13. Between 20 December 2024 and 3 February 2025, the District Court was closed for the summer vacation period.
14. Between 20 December 2024 and 6 January 2025 Chedid Storey’s Legal’s office closed and its solicitors took leave over the summer vacation period.
15. On 16 January 2025, Chedid Storey Legal received instructions from the Plaintiff to file the proposed Amended Statement of Claim in these proceedings.
…
-
The Court record shows that the plaintiff was in default of the timetable in these proceedings for the first time on 7 February 2024 when it failed to provide further and better particulars as directed on 29 January 2024.
-
On 26 February 2024, the plaintiff was directed to file and serve any evidence it relies on, including expert evidence, by 9 May 2024. The plaintiff failed to comply with this direction.
-
On 30 May 2024, further directions were made and the plaintiff was directed to “file and serve its Scott Schedule and any Reply and any evidence it relies on, including expert evidence, on or before 17 June 2024”. The plaintiff failed to comply with this direction.
-
On 14 August 2024, the Judicial Registrar made further directions extending the time for the plaintiff to file its lay evidence and a Reply to 23 August 2024 and extending the time for the plaintiff to serve expert liability and quantum/damages evidence and Scott Schedule to 13 September 2024. The Judicial Registrar made the following further direction:
Any further orders for plaintiff’s evidence to be supported by an affidavit otherwise the matter will be listed for show cause.
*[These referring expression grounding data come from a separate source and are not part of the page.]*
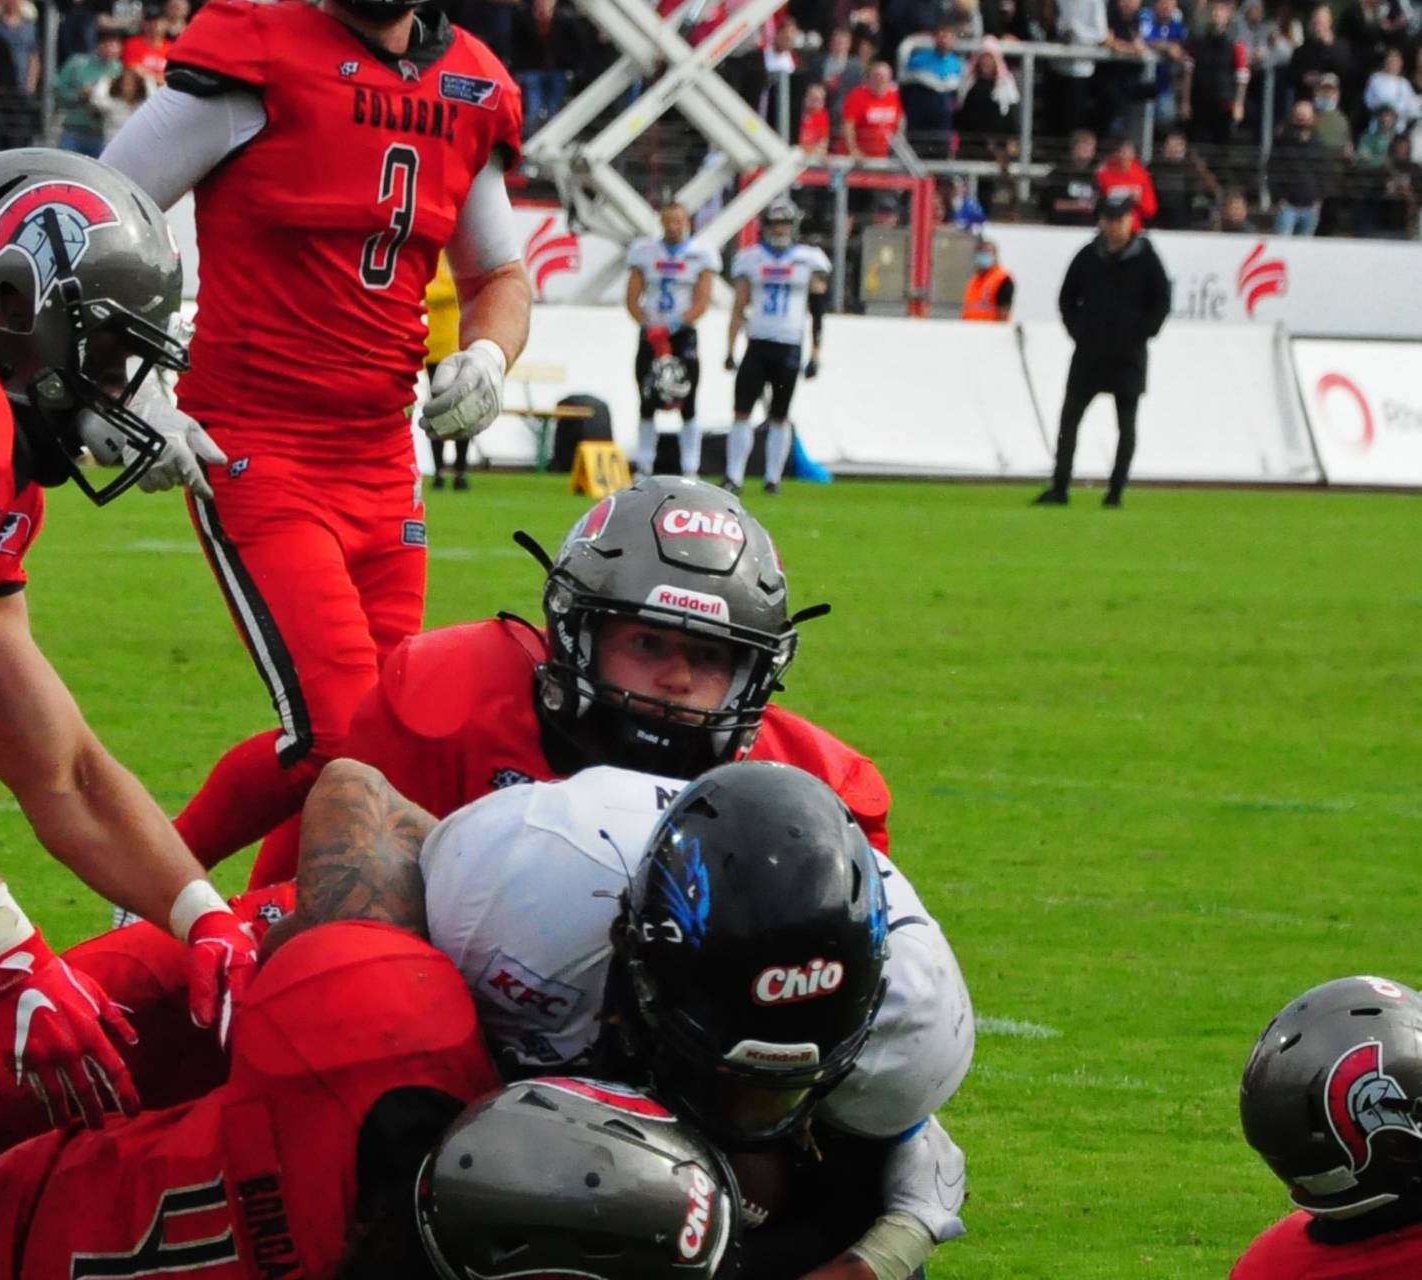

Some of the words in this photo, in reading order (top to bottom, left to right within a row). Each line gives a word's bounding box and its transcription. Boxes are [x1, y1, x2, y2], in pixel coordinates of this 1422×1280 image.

[354, 88, 458, 144] COLOGNE
[359, 142, 421, 289] 3
[659, 278, 675, 312] 5
[662, 509, 744, 540] Chio
[659, 591, 722, 615] Riddell
[488, 969, 568, 1018] KFC
[756, 959, 844, 1002] Chio
[680, 1168, 710, 1259] Chio
The Judicial Registrar recorded the following comment:
I have to say the tale of the plaintiffs of preparing this case is one of disorganisation, some of it not satisfactory and not acting with despatch. If this continues the question has to be asked should the plaintiff’s proceedings be dismissed and recommenced once the plaintiff has the ability and intention to litigate with despatch. The plaintiff is in control of its preparation, which should include engaging experts promptly and with certainty, solicitors cannot leave all matters and decision making in the hands of the experts.
-
The plaintiff, once again, failed to comply with the directions.
-
On 25 September 2024, the Judicial Registrar made further directions including the following:
1. Plaintiff is to serve expert liability evidence (excluding evidence on quantum) and Scott Schedule by 4 October 2024, after which the plaintiff may not rely on any expert evidence without leave of the Court.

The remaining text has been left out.